START EXTRACTED MATERIAL

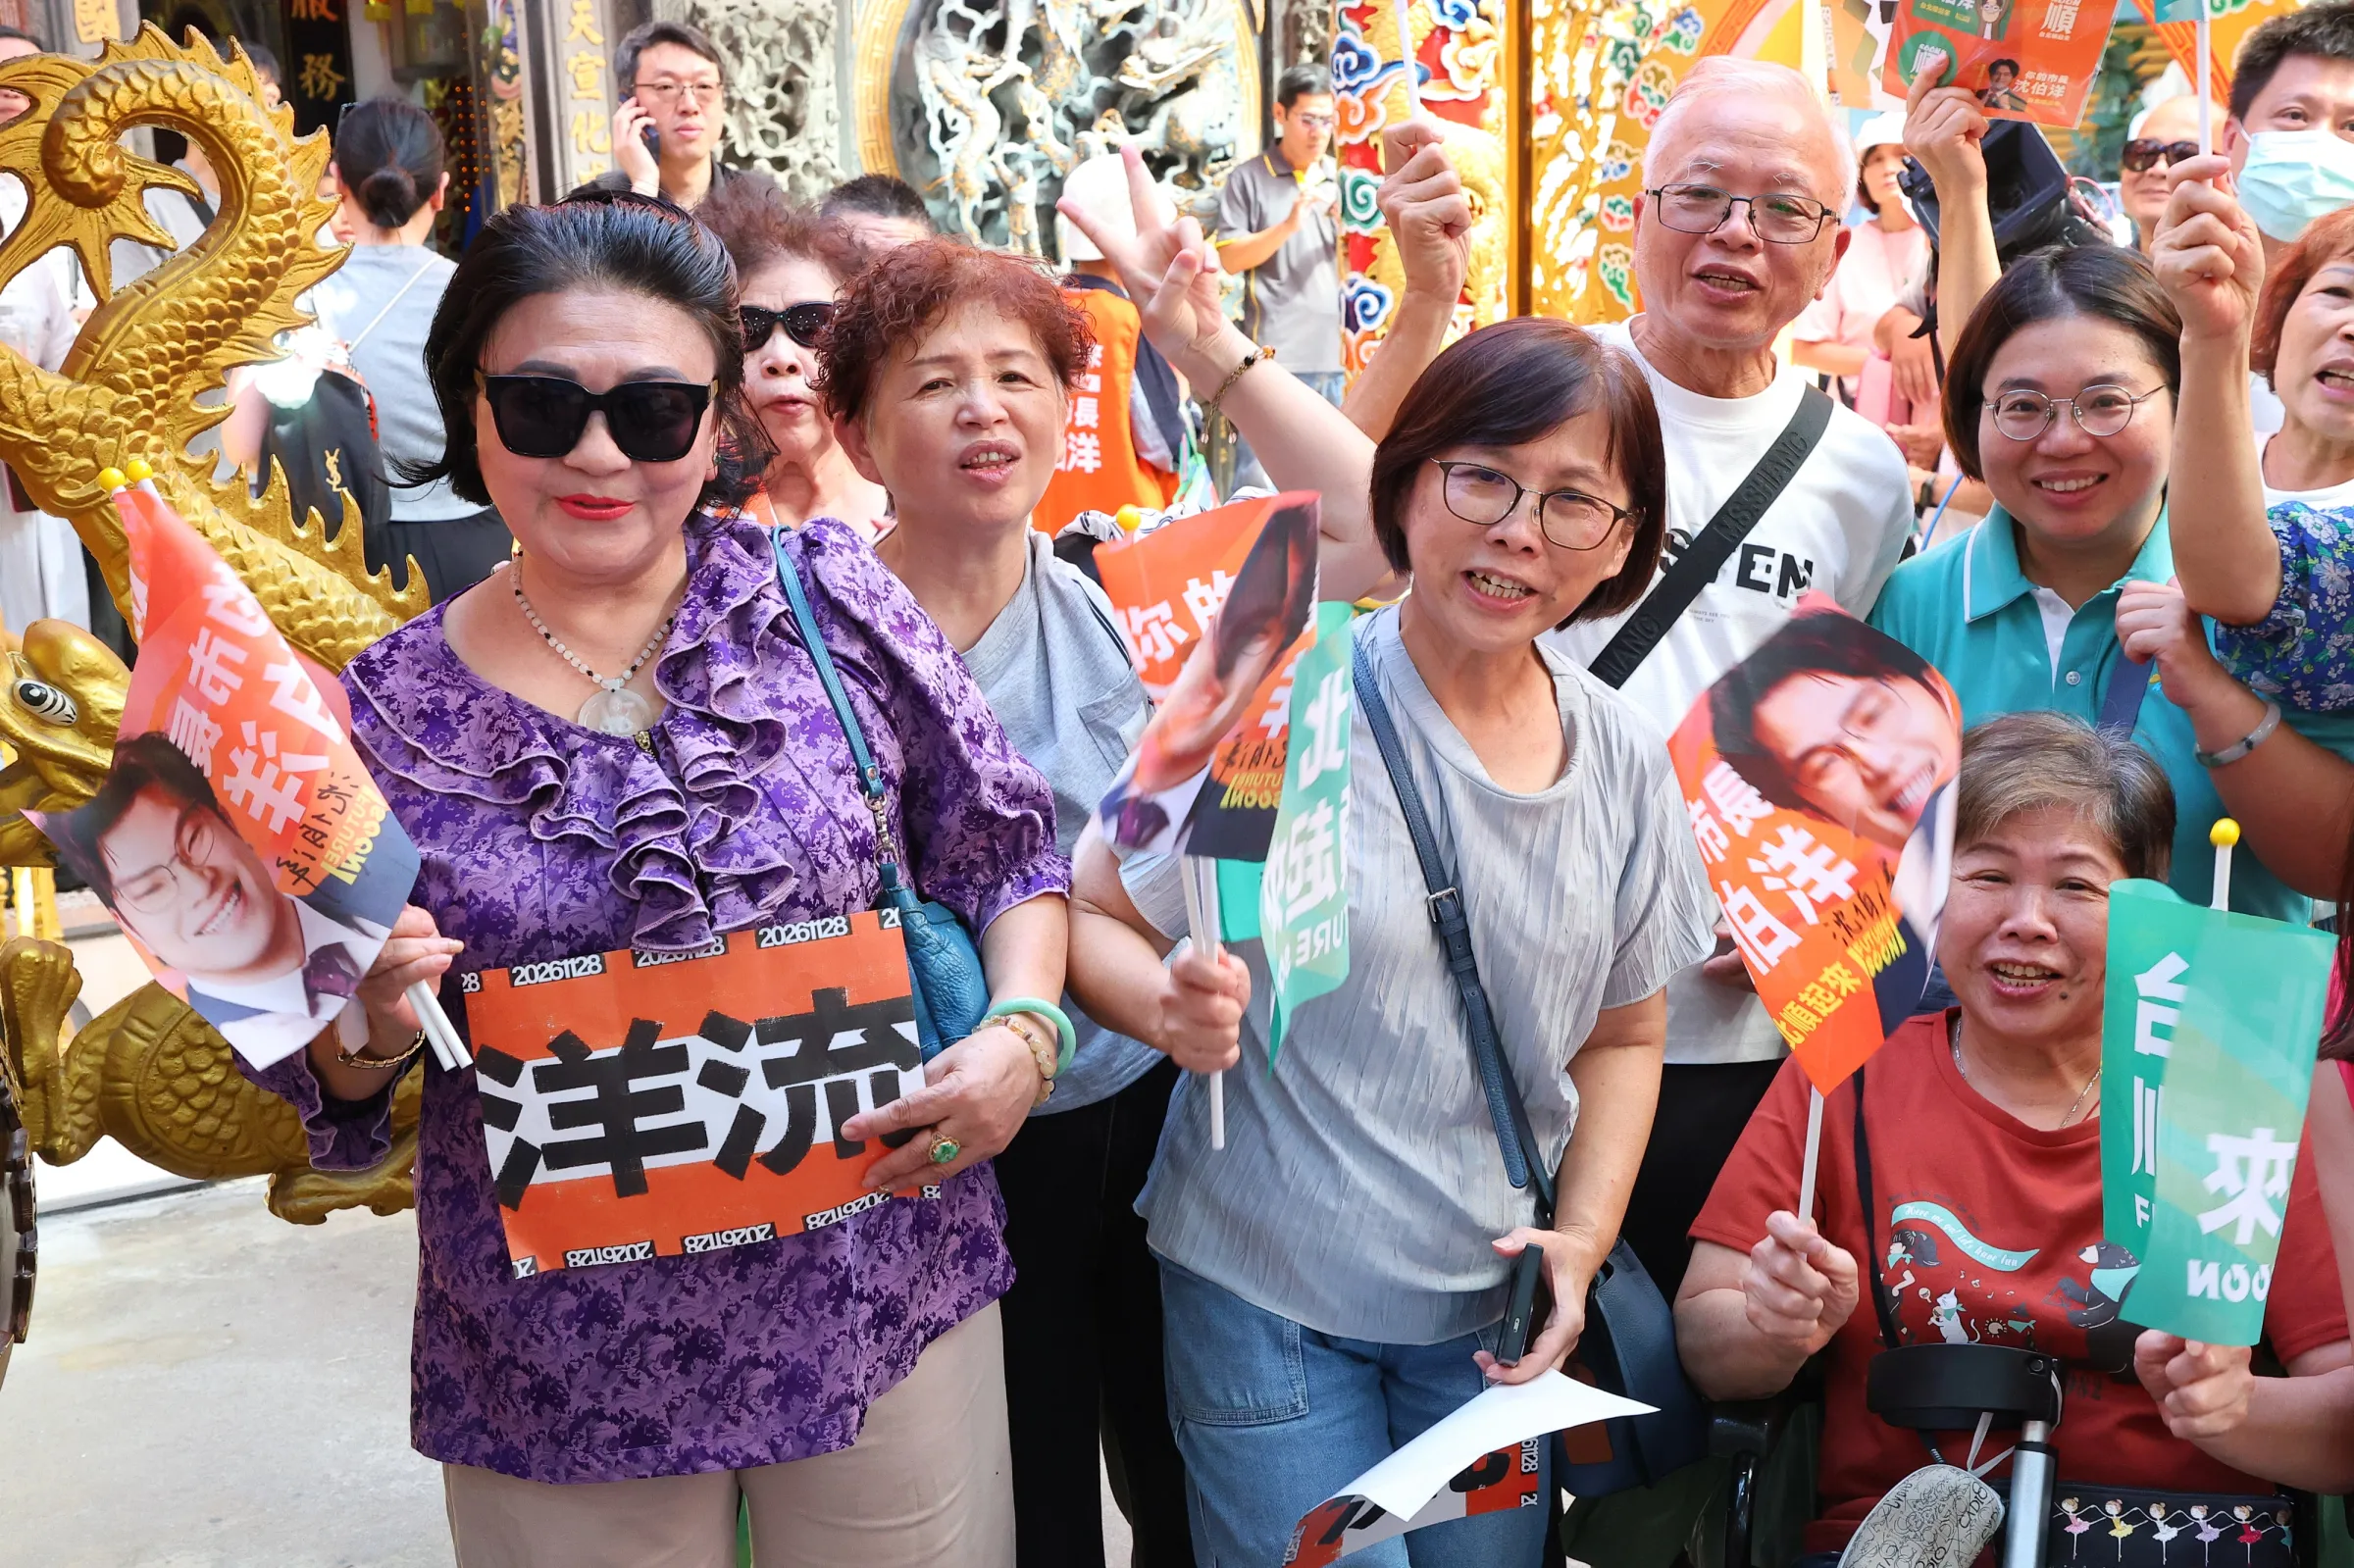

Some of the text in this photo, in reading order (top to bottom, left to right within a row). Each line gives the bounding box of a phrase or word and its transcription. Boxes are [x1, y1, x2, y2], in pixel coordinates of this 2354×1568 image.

[2040, 2, 2078, 34] 順
[2013, 78, 2066, 97] 沈伯洋
[758, 916, 848, 948] 20261128
[511, 954, 603, 986] 20261128
[476, 987, 922, 1211] 洋流
[566, 1240, 654, 1268] 20261128
[684, 1222, 774, 1254] 20261128

END EXTRACTED MATERIAL

## EXERCISE INSTRUCTIONS
The records above are to be transcribed in full, with images omitted.

## TASK OUTPUT
Some of the text in this photo, in reading order (top to bottom, left to right within a row). Each line gives the bounding box of a phrase or word and its transcription. Boxes are [x1, y1, x2, y2], in pixel coordinates of this 2354×1568 image.

[2040, 2, 2078, 34] 順
[2013, 78, 2066, 97] 沈伯洋
[758, 916, 848, 948] 20261128
[511, 954, 603, 986] 20261128
[476, 987, 922, 1211] 洋流
[566, 1240, 654, 1268] 20261128
[684, 1222, 774, 1254] 20261128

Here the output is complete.